## [WHAT IS REQUIRED]
In full and exactly, please return the records, but keep out the pictures.
----- DATA EXTRACTS -----
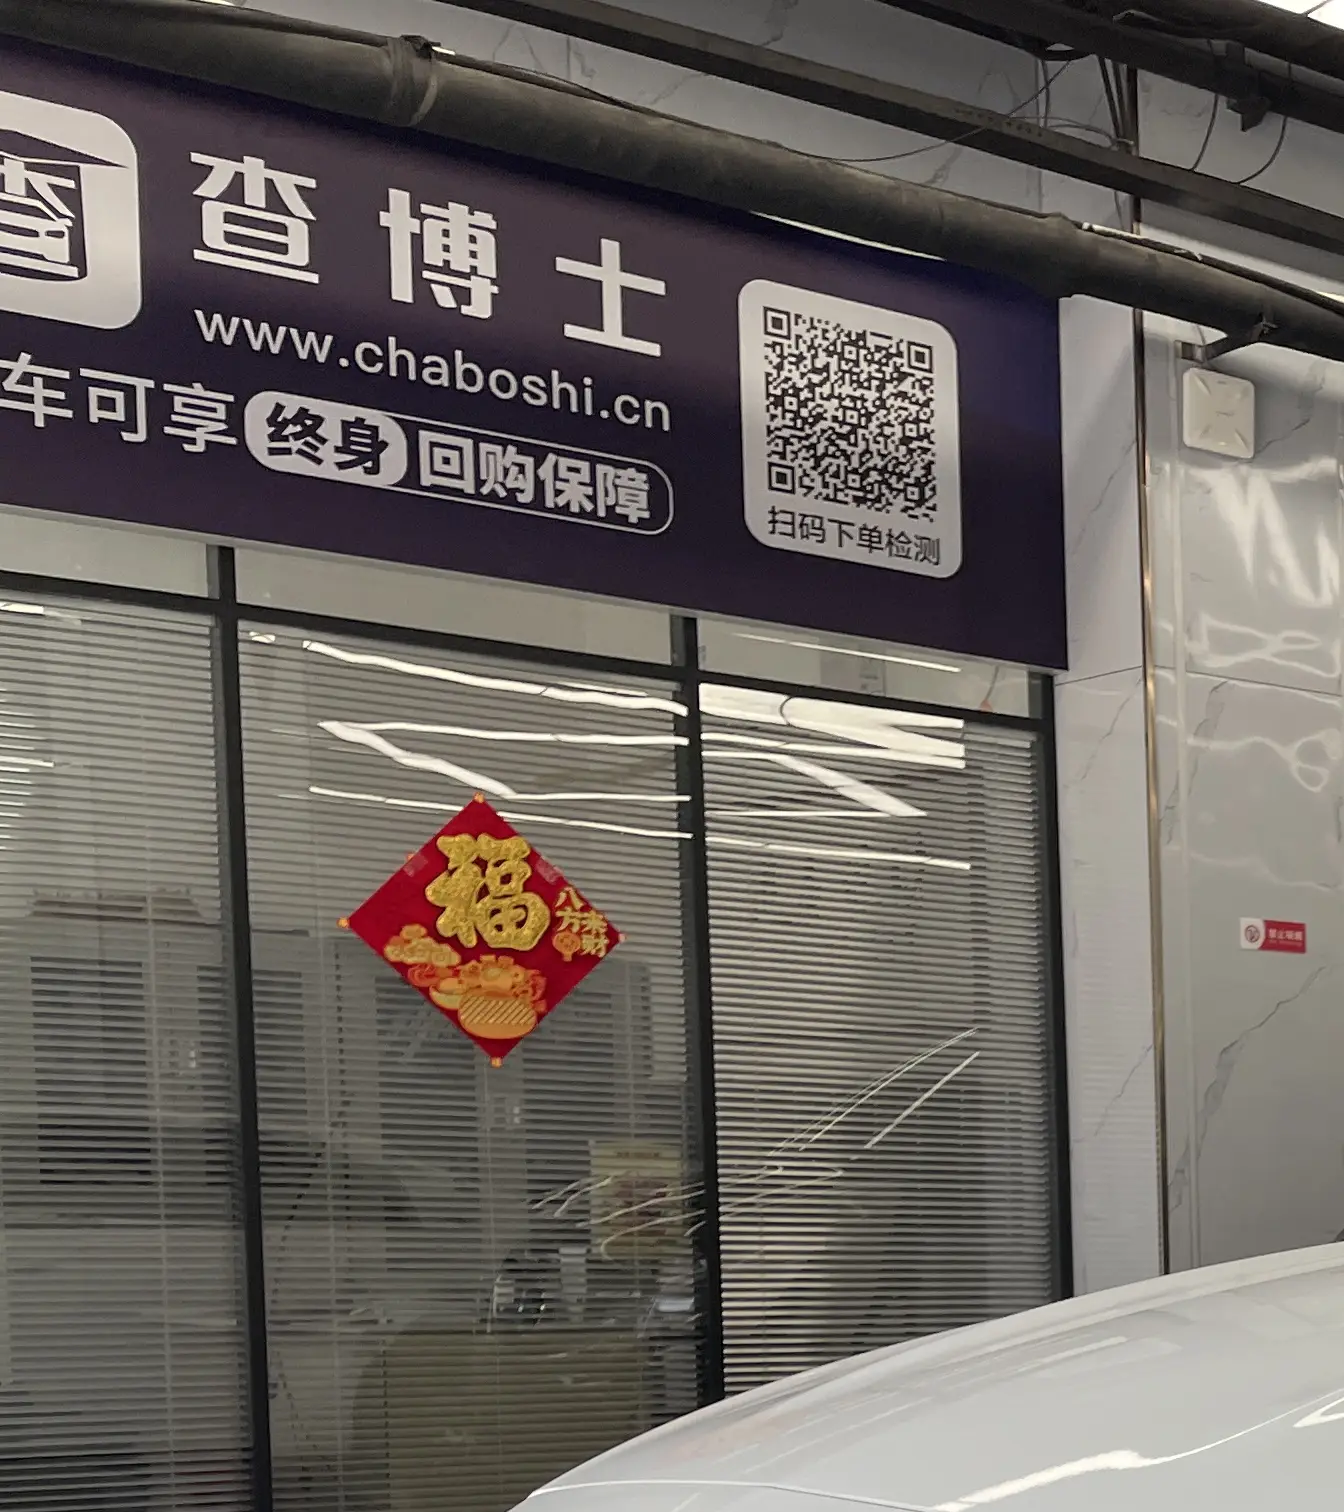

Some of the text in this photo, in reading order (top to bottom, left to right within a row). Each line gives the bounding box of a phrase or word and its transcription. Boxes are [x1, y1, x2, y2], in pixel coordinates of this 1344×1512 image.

[190, 152, 665, 356] 查博士
[194, 310, 670, 431] www.chaboshi.cn
[264, 402, 389, 476] 终身
[418, 430, 650, 523] 回购保障
[768, 506, 940, 565] 扫码下单检测
[425, 833, 550, 951] 福
-----
## [TASK RESULT]
Some of the text in this photo, in reading order (top to bottom, left to right within a row). Each line gives the bounding box of a phrase or word and its transcription. Boxes are [x1, y1, x2, y2], in pixel coordinates of this 1344×1512 image.

[190, 152, 665, 356] 查博士
[194, 310, 670, 431] www.chaboshi.cn
[264, 402, 389, 476] 终身
[418, 430, 650, 523] 回购保障
[768, 506, 940, 565] 扫码下单检测
[425, 833, 550, 951] 福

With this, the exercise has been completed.